Return the records below exactly; pictures stay out.

**Exercise materials**

◆ ◆ ◆ ◆ ◆

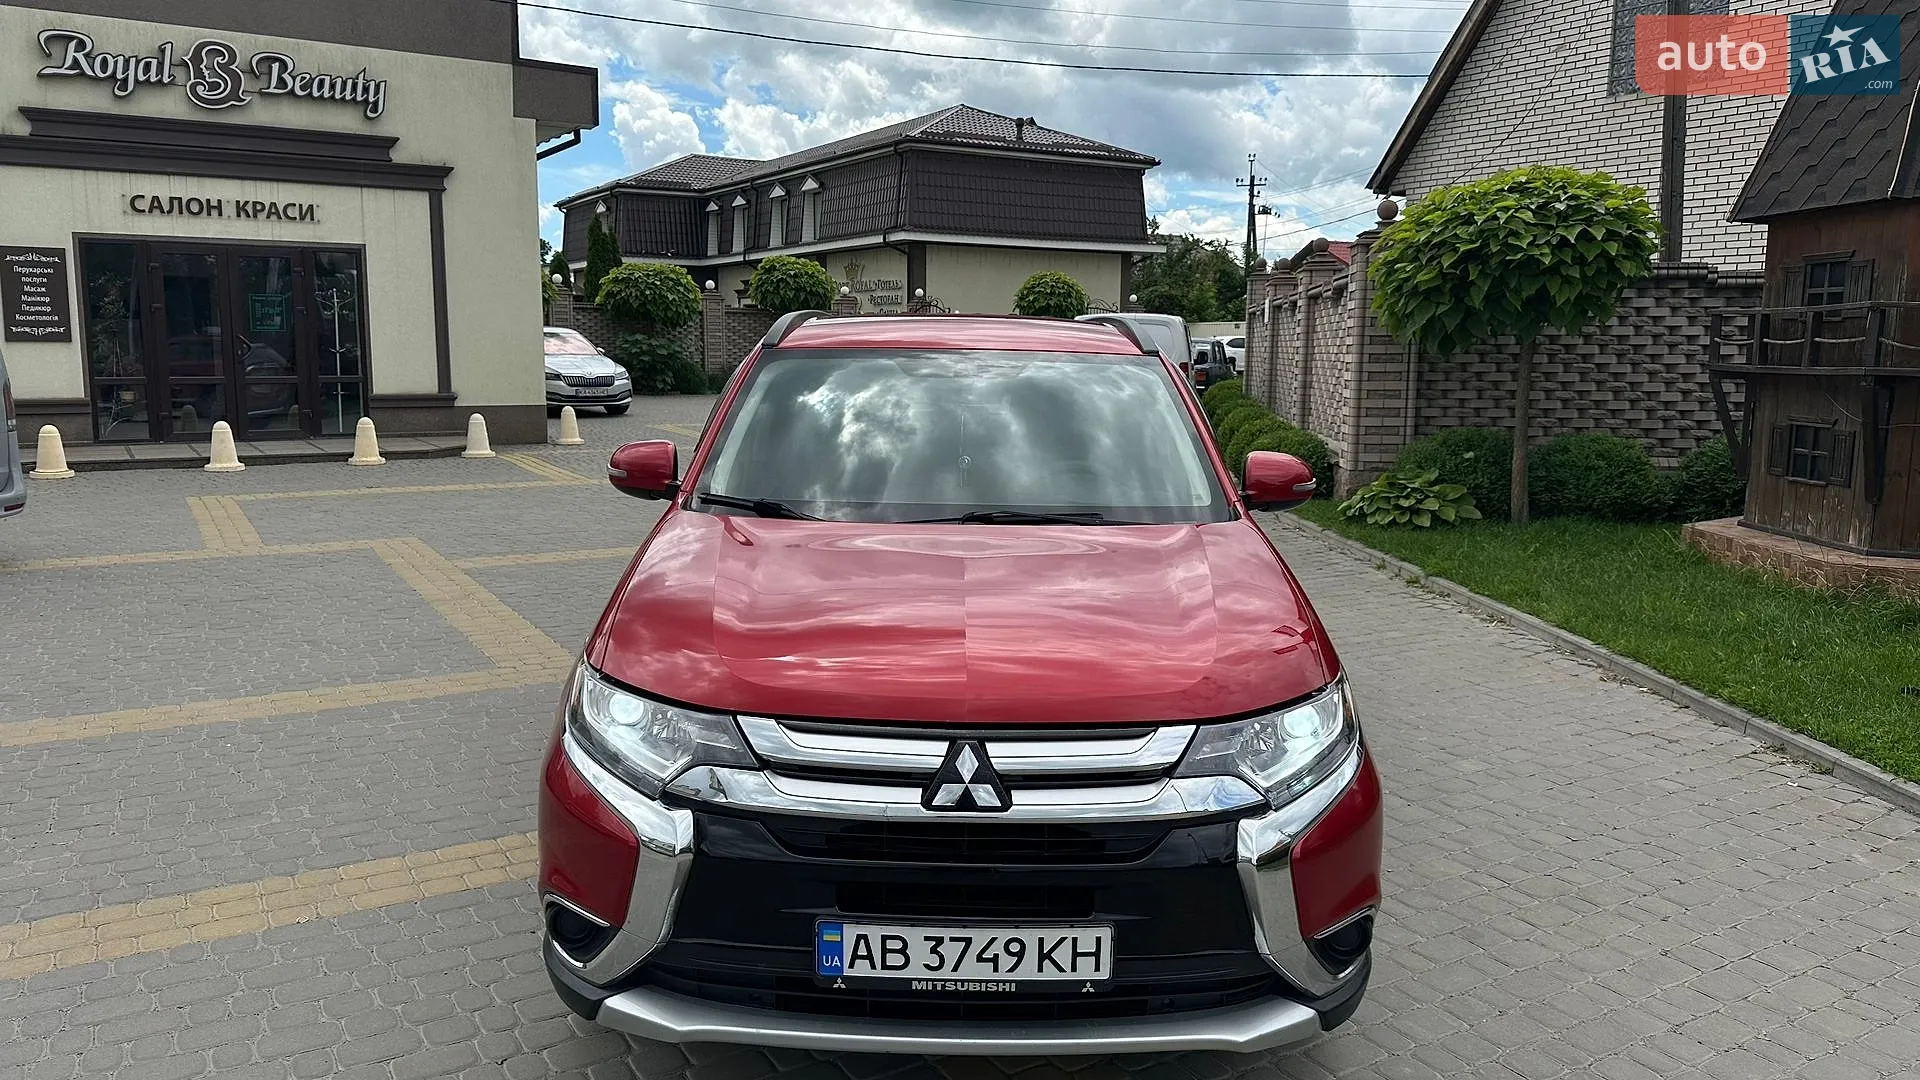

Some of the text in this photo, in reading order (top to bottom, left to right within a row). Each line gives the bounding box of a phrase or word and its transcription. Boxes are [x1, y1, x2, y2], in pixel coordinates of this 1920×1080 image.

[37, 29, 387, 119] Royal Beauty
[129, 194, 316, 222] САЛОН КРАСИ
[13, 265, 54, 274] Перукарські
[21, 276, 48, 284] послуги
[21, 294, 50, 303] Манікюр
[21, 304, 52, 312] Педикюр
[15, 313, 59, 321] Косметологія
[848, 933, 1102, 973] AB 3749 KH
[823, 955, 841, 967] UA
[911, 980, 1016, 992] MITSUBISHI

◆ ◆ ◆ ◆ ◆

**Response box**
Some of the text in this photo, in reading order (top to bottom, left to right within a row). Each line gives the bounding box of a phrase or word and its transcription. Boxes are [x1, y1, x2, y2], in pixel coordinates of this 1920×1080 image.

[37, 29, 387, 119] Royal Beauty
[129, 194, 316, 222] САЛОН КРАСИ
[13, 265, 54, 274] Перукарські
[21, 276, 48, 284] послуги
[21, 294, 50, 303] Манікюр
[21, 304, 52, 312] Педикюр
[15, 313, 59, 321] Косметологія
[848, 933, 1102, 973] AB 3749 KH
[823, 955, 841, 967] UA
[911, 980, 1016, 992] MITSUBISHI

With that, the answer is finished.